In an important book on the understanding of the negotiations leading to the Good Friday agreement, The Far Side of Revenge by Deaglan de Breadun, Foreign Affairs Correspondent of this newspaper, he states:

"Reynolds was the catalyst for the first significant public development in the peace process, the Downing Street Declaration signed by himself and Major on December 15th, 1993.

In this document Britain reaffirmed its longstanding pledge to place the constitutional future of Northern Ireland in the hands of the people of the region, who could decide by a majority vote to enter a united Ireland if they so wished . . ."

On our little island, as we have seen again this week, the power of these nationalisms has moved people to kill, maim and riot. This week, once again, we have seen the parties in the North of this island march to the brink and beyond. It has seemed at times this past while that we are slipping back to the blind nationalism of the past. Regressive actions such as Sinn Fein's failure to push the agenda of decommissioning and Jeffrey Donaldson et al's intransigence could very well lead to an about-turn into the desolation of the Troubles.

The two traditions, the two nationalisms on this island, have so much in common. Our history is intertwined.

It is interesting to note for example, that Edward Carson, the father of Ulster unionism, had a Dublin accent and that his cousin, Mary Butler, gave the name Sinn Fein to Arthur Griffith's tiny band of dual monarchists.

When Carson formed the UVF, Patrick Pearse was delighted that he had done so. "I am glad that the Orangemen have armed, for it is a good thing to see arms in Irish hands." The Irish Volunteers mimicked Carson's Ulster Volunteers. Both Pearse and Carson were moved by that same militarism which had swept all Europe, which would bring blood sacrifice to the GPO and to the Somme alike in 1916. Such symmetry runs through the last century.

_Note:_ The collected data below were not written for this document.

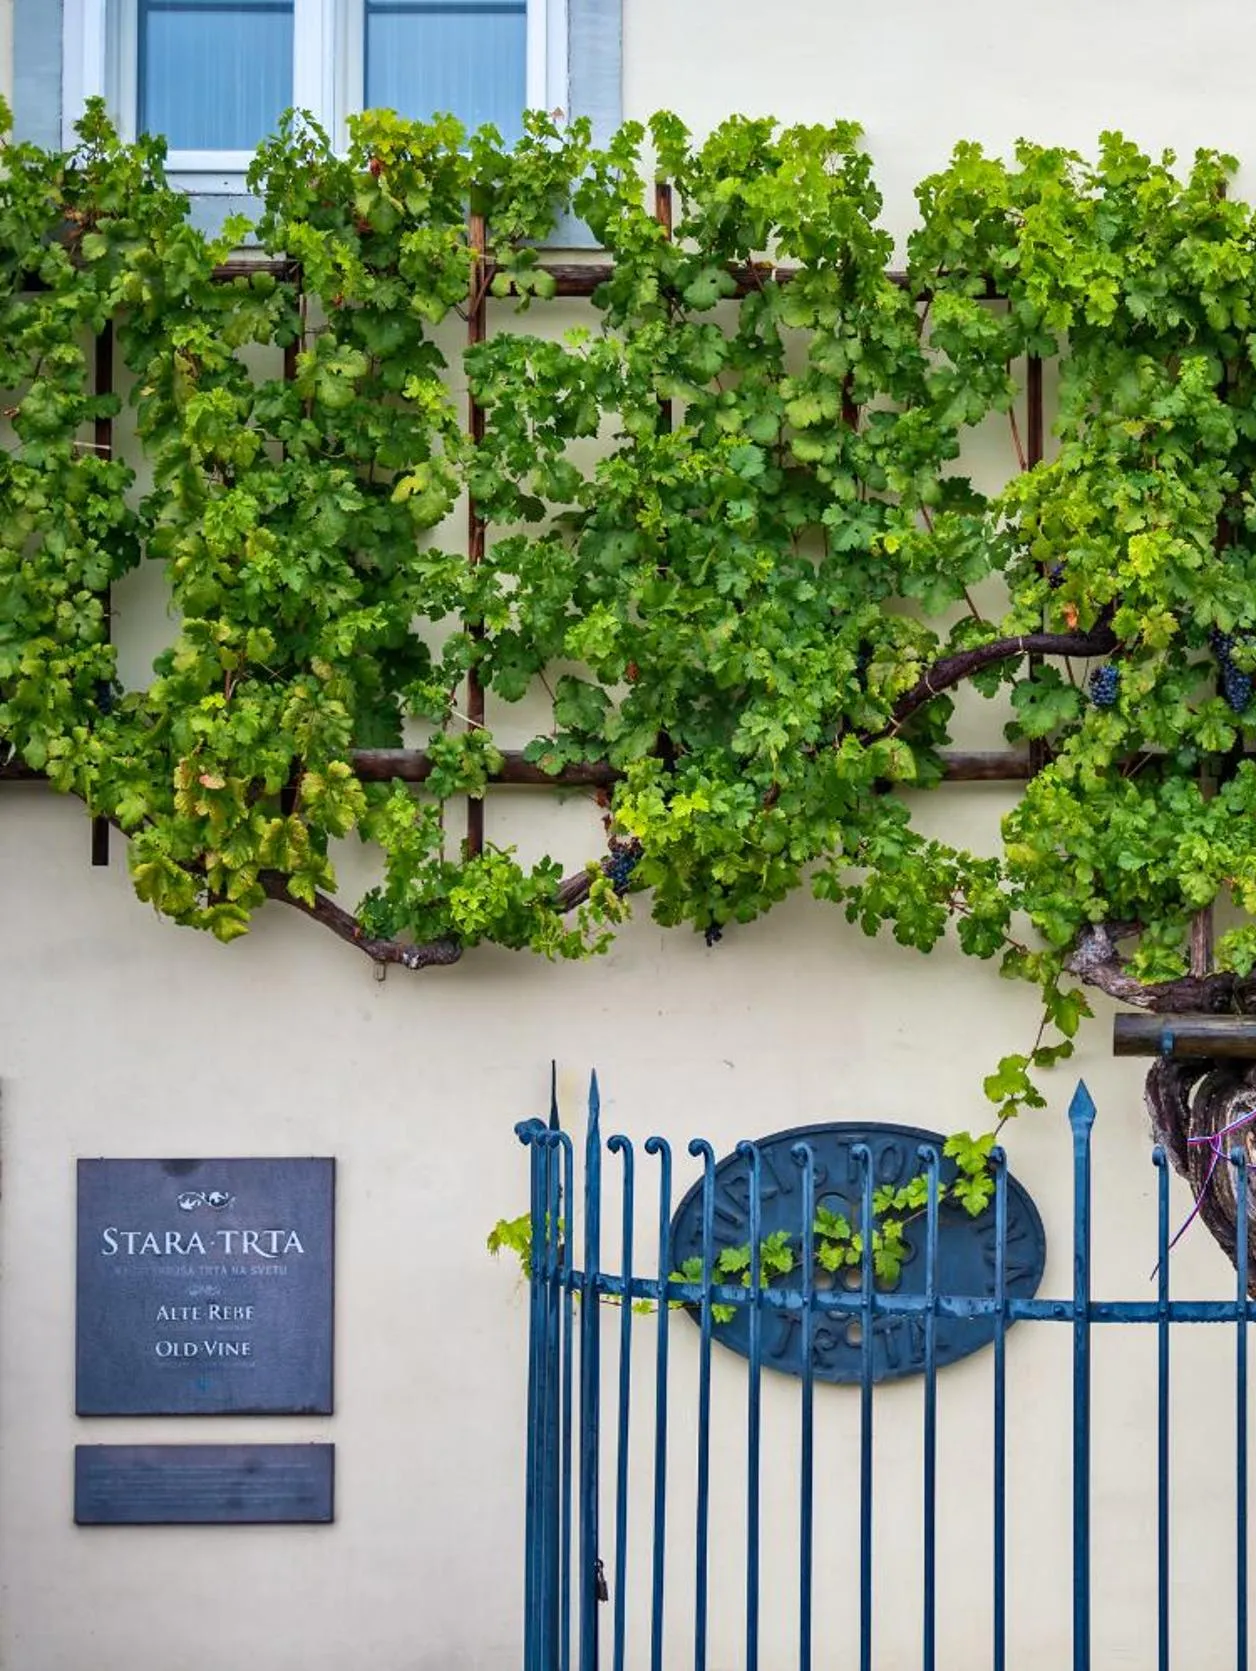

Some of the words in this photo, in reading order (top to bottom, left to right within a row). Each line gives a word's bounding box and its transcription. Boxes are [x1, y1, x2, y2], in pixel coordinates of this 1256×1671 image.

[102, 1227, 206, 1255] STARA
[216, 1230, 304, 1258] TRTA
[157, 1305, 200, 1320] ALTE
[156, 1340, 198, 1357] OLD
[204, 1340, 252, 1356] VINE

Just as Catholic Irish nationalism denied the validity of the Ulster unionist decision to remain within the UK, unionists denied the aspiration of 3 million Irish nationalists for Home Rule. We have shadow-boxed each other for a century at least.

Since then there has been a century of effort to find some kind of accommodation with one another; Craig-Collins, O'Neill-Lemass, Sunningdale, the Anglo-Irish Agreement and finally, at last, the Good Friday agreement.

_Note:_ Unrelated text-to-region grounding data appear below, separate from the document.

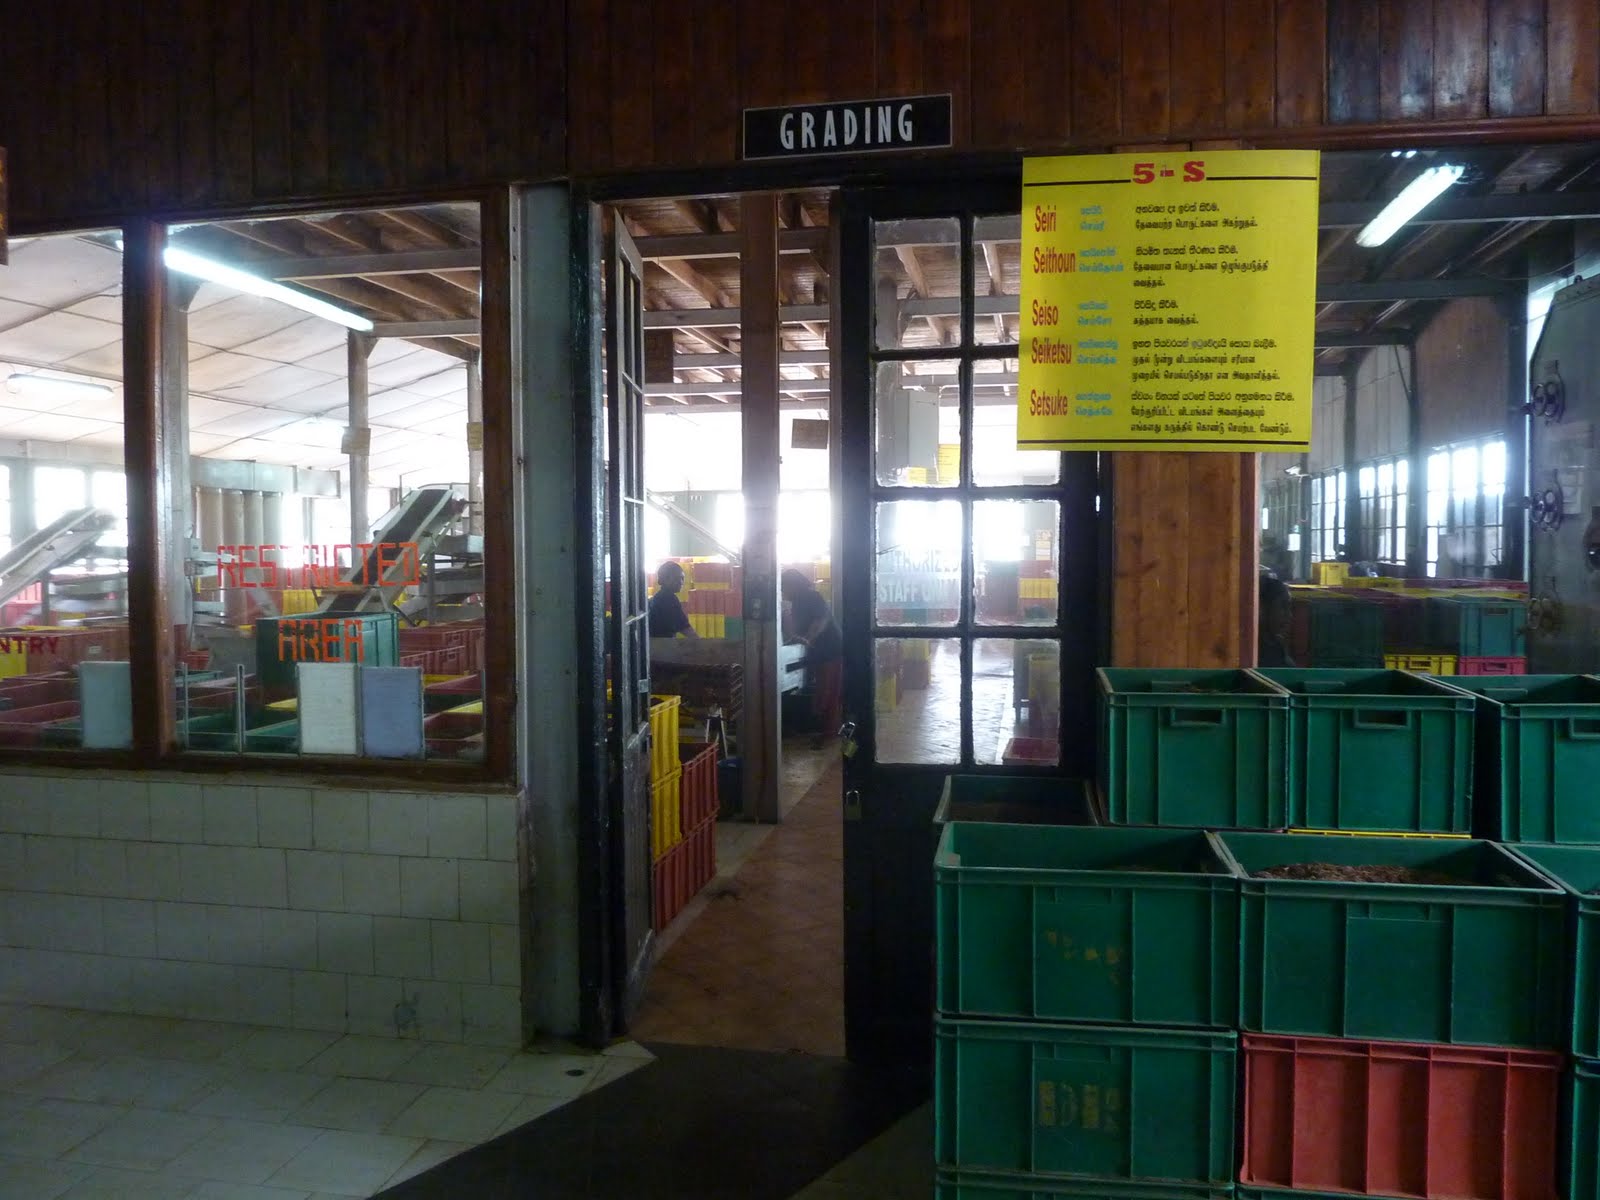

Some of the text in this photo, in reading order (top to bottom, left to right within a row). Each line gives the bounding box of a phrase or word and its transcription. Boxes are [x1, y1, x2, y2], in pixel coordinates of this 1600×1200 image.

[780, 103, 913, 150] GRADING
[1036, 206, 1056, 232] Seiri
[1035, 247, 1075, 273] Seithoun
[1033, 300, 1058, 325] Seiso
[1032, 338, 1071, 363] Seiketsu
[1031, 390, 1067, 415] Setsuke
[217, 542, 420, 588] RESTRICTED
[278, 619, 364, 662] AREA

Through the agreement we have accepted the validity of each other's ambitions. To borrow a phrase from the Progressive Unionist Party leader, Mr David Irvine, we are moving away from "cul-de-sac politics".

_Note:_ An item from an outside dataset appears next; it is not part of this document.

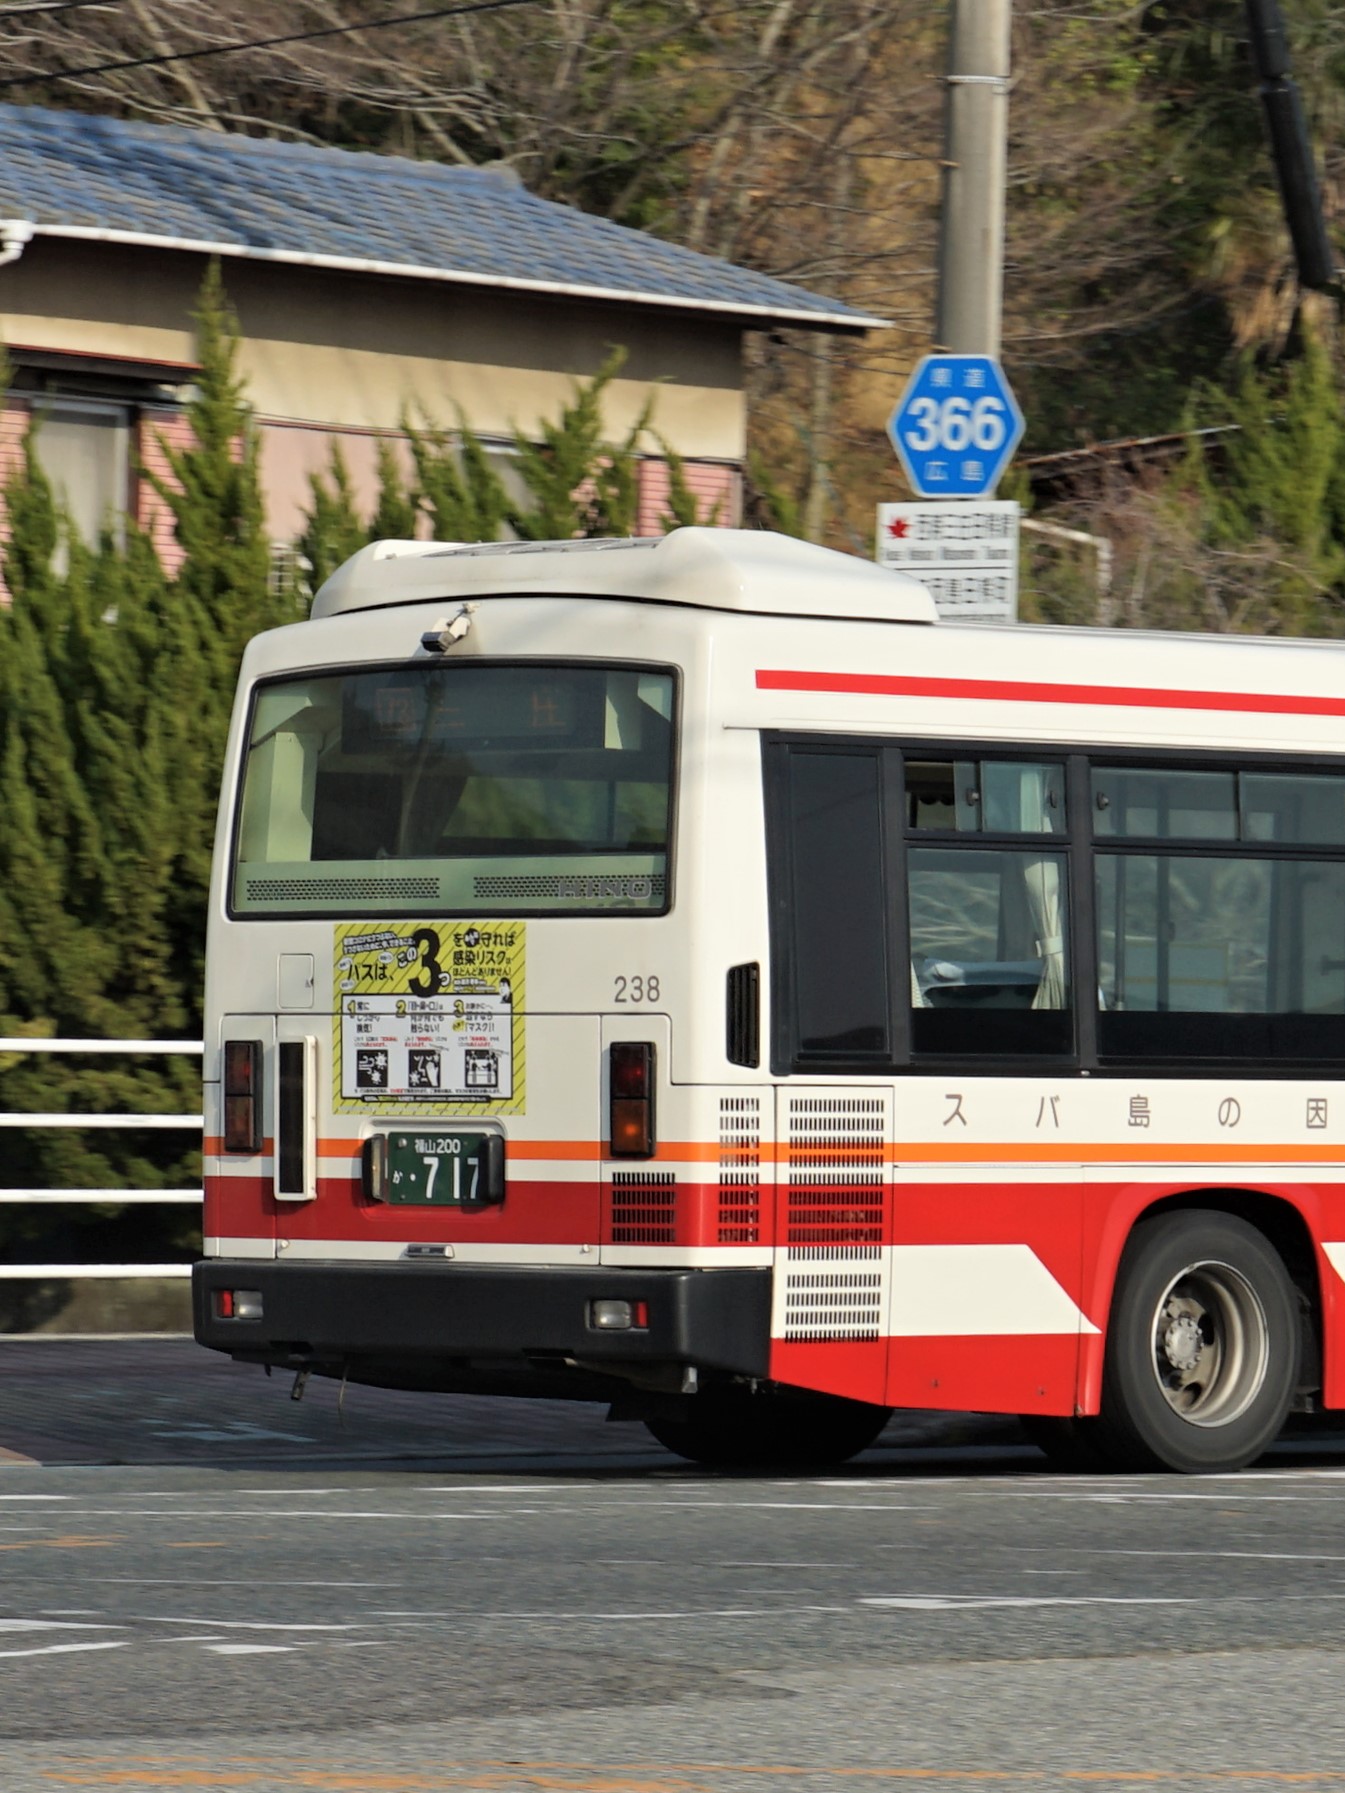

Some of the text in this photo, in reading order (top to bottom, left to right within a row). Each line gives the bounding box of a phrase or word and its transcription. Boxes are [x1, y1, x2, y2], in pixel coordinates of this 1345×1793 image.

[904, 396, 1006, 451] 366
[559, 879, 652, 899] HINO
[408, 928, 442, 997] 3
[614, 975, 661, 1003] 238

It has been a painful process. The loss of Articles 2 and 3, for example, was not easy for many of us. When I entered the Dail in 1965, I would have been strung up for such a notion, regardless of the quid pro quos from the other side. In the "wrap the green flag around me" atmosphere of the 1966 commemoration of the Easter Rising the Good Friday agreement would have been unthinkable.

The same is true north of the Border where, for example, William Lowry, a Stormont Minister for Home Affairs, when questioned by Orangemen about allowing an Orange hall to be used by the US army for a Catholic religious service, replied that it could always be "fumigated". Thankfully, we have all advanced with time towards the only rational, acceptable compromise, the Good Friday agreement. Because it is an equitable and fair compromise and there is simply no other deal in town.

Bigots on both sides who refuse to respect that equilibrium have to be resisted. I sat across from David Trimble and other Unionist leaders during the Good Friday agreement negotiations. We fought like cats and dogs, we disagreed, we bargained. But at the end of the day we found that middle ground where peace can survive. They left those negotiations with their unionism intact, with their right to remain within the UK, with the central tenets of their Protestant unionism intact, just as we left with our Irish nationalism intact.

But for the first time we found a way for the two nationalisms to coexist, we found a way to respect the legitimacy of the two nationalisms. It would be unacceptable now to back away from that respect, to return to the past, which is unthinkable. Decisions taken in the next 48 hours are critical for the whole island.